Nikolaus Harnoncourt
Johann Strauss II
Warner Classics
2014

When considering Austrian period-performance conductor Nikolaus Harnoncourt, the music of Johann Strauss the younger is not what comes to mind. Rather, Harnoncourt's Bach corpus with the period-instrument ensemble Concentus Musicus Wien and more recently, his cornerstone survey of the Beethoven symphonies with the Chamber Orchestra of Europe plus the Beethoven piano concerti with Pierre-Laurent Aimard, might more quickly come to mind. However, Harnoncourt has never been trapped in any particular era and he has always had a soft spot for is fellow Austrian Waltz King.

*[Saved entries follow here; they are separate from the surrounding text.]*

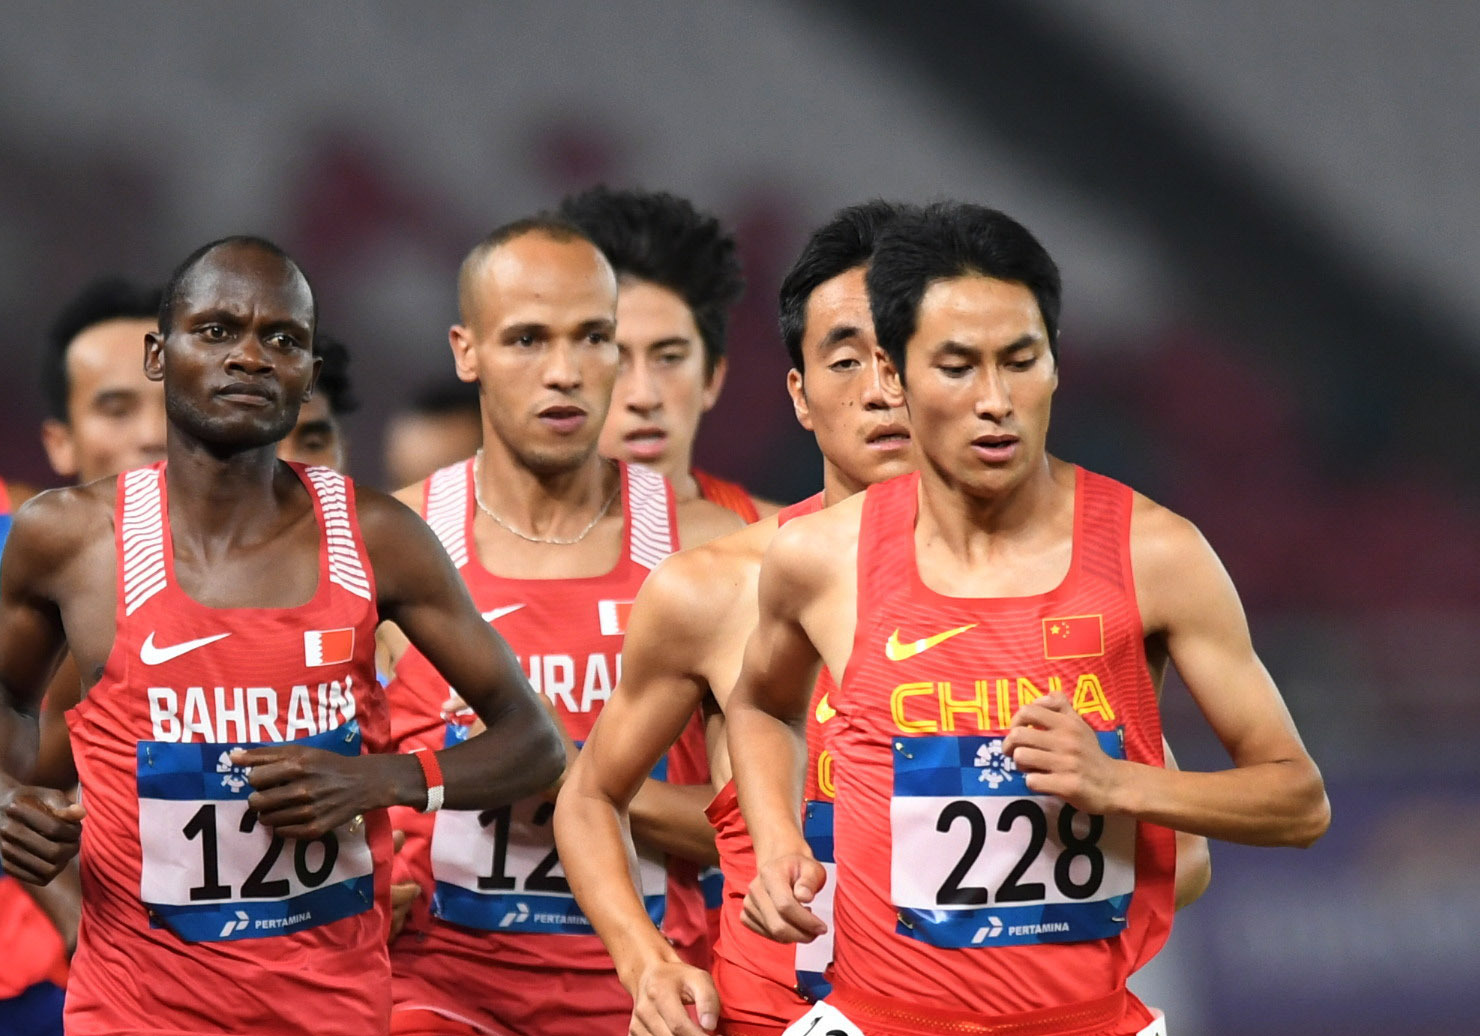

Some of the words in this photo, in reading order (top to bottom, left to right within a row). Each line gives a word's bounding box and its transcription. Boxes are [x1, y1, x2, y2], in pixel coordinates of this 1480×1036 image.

[147, 674, 357, 743] BAHRAIN
[935, 798, 1106, 905] 228
[254, 910, 312, 930] PERTAMINA
[1007, 921, 1070, 937] PERTAMINA
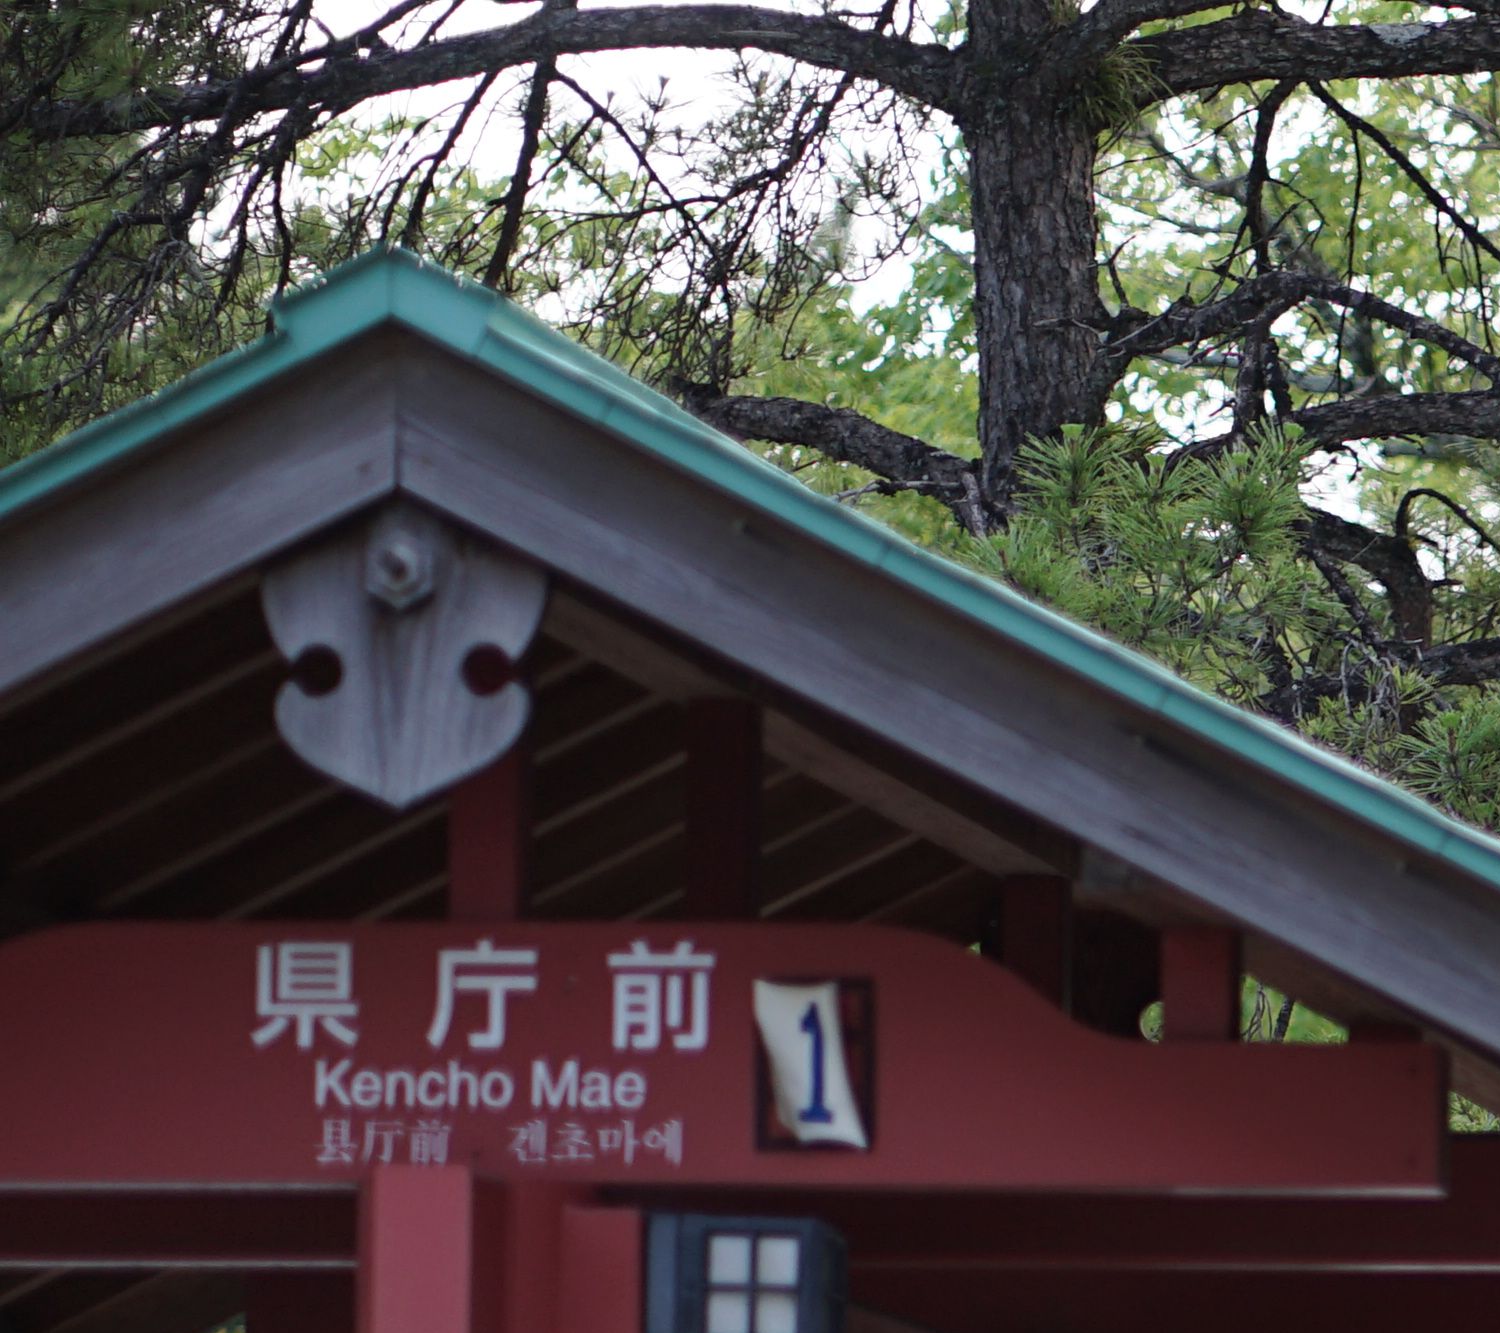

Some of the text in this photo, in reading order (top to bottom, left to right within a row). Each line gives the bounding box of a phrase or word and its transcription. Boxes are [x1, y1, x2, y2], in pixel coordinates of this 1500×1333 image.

[250, 940, 716, 1051] 県庁前
[315, 1059, 647, 1109] Kencho Mae
[799, 1001, 832, 1124] 1

Between 1986 and 2009, Harnoncourt recorded a great deal of Strauss including two New Year's concerts with the Vienna Philharmonic, one of which is presented here (Neujahrs Konzert 2001). Harnoncourt also recorded the 2003 New Year's concert for Deutsche Grammophon. Since conception of this set, he also conducted the 2015 New Year's Concert for Warner Classics.

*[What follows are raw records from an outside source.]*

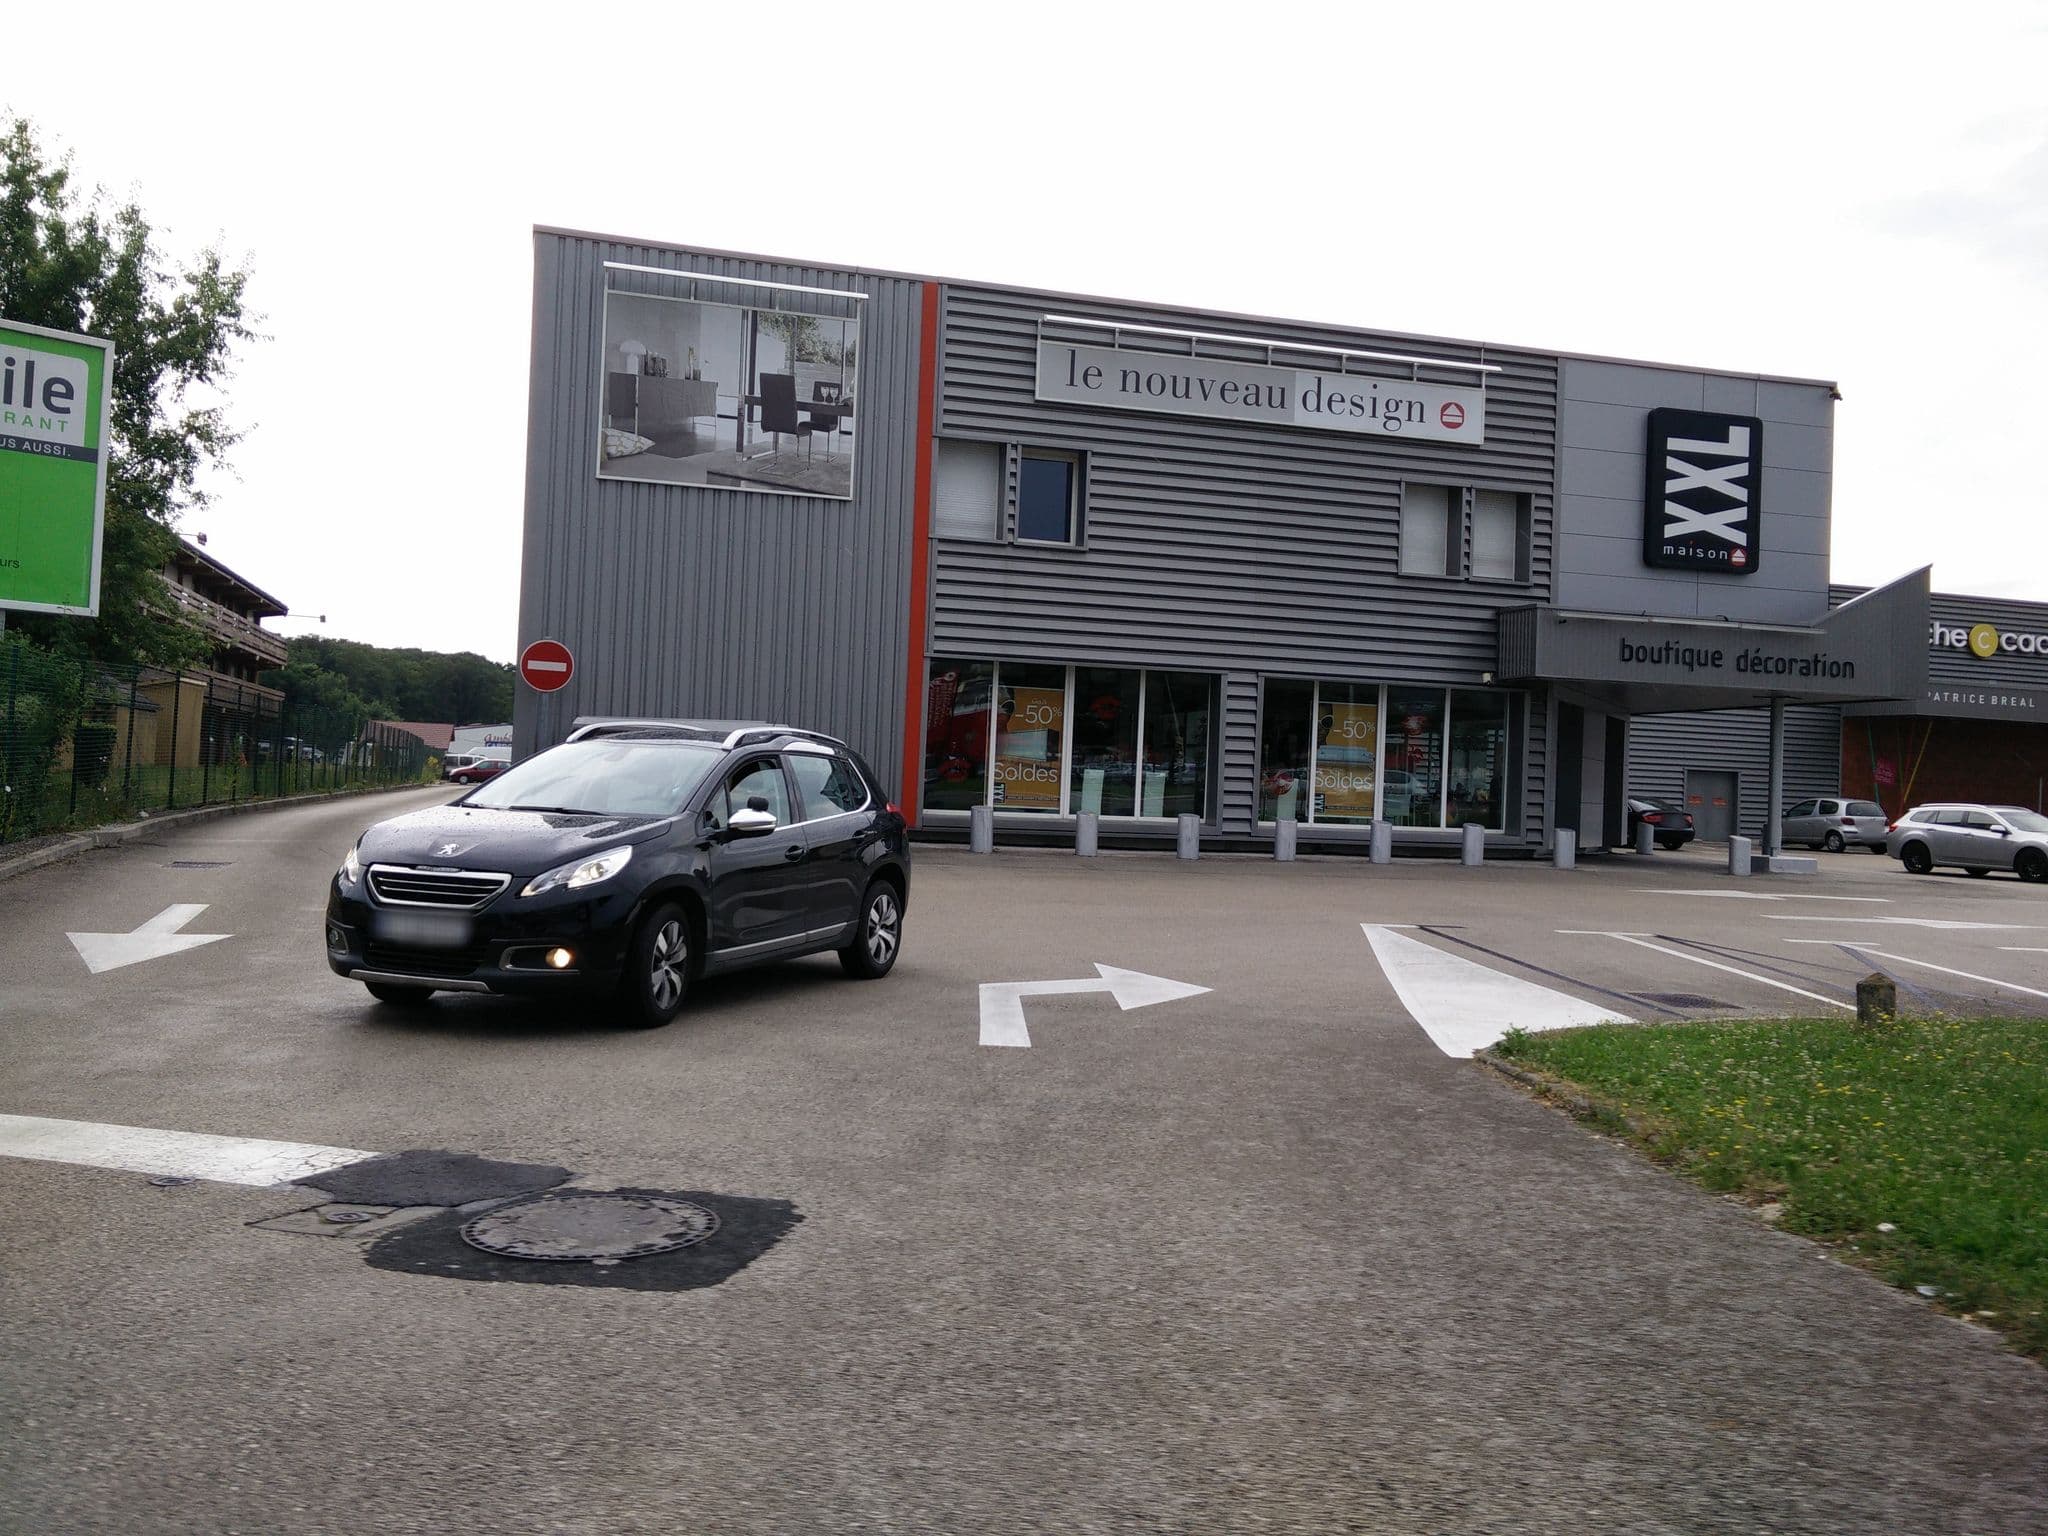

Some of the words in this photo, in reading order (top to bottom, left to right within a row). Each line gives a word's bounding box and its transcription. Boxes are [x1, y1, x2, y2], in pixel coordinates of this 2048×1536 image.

[1065, 349, 1104, 390] le
[1118, 367, 1288, 410] nouveau
[1302, 376, 1427, 431] design
[22, 441, 72, 457] AUSSI.
[1664, 425, 1751, 547] XXL
[1663, 540, 1728, 560] maison
[1929, 621, 1968, 648] he
[1620, 638, 1724, 671] boutique
[1736, 647, 1855, 679] décoration
[1991, 696, 2036, 708] BREAL
[993, 763, 1058, 783] Soldes

Johann Strauss II is an embarrassment of Viennese riches with performances of two Strauss operas, Die Fledermaus with the Royal Concertgebouw Orchestra and Der Zigeuner Baron with the Wiener Symphoniker. Harnoncourt's appreciation for Strauss, ..."with no added syrup" produces a brand of light classical music brought into strange focus, elevating Strauss to a level above Vienna novelty, where he belongs. Sparkling and effervesant "Tales from the Vienna Woods" and "The Blue Danube."

Ian Bostridge
Schubert
Warner Classics
2014

During the 1990s, English light tenor Ian Bostridge made his recorded way through Franz Schubert's three major song cycles: Die Schone Mullerin, Winterrise and Schwangesang. Warner Classics saw it fit to put all three together in what may be the finest collection of Schubert sung by a tenor ever. Bostridge one-upped the ante on the issue with his 2014 publication of Schubert's Winter Journey: Anatomy of an Obsession (Knopf). Winterreise is the centerpiece, necessarily, if for no other reason that the cycle has so many notable competitors. So important is Winterreise that the performance, with pianist Leif Ove Andenes, is also provided on DVD.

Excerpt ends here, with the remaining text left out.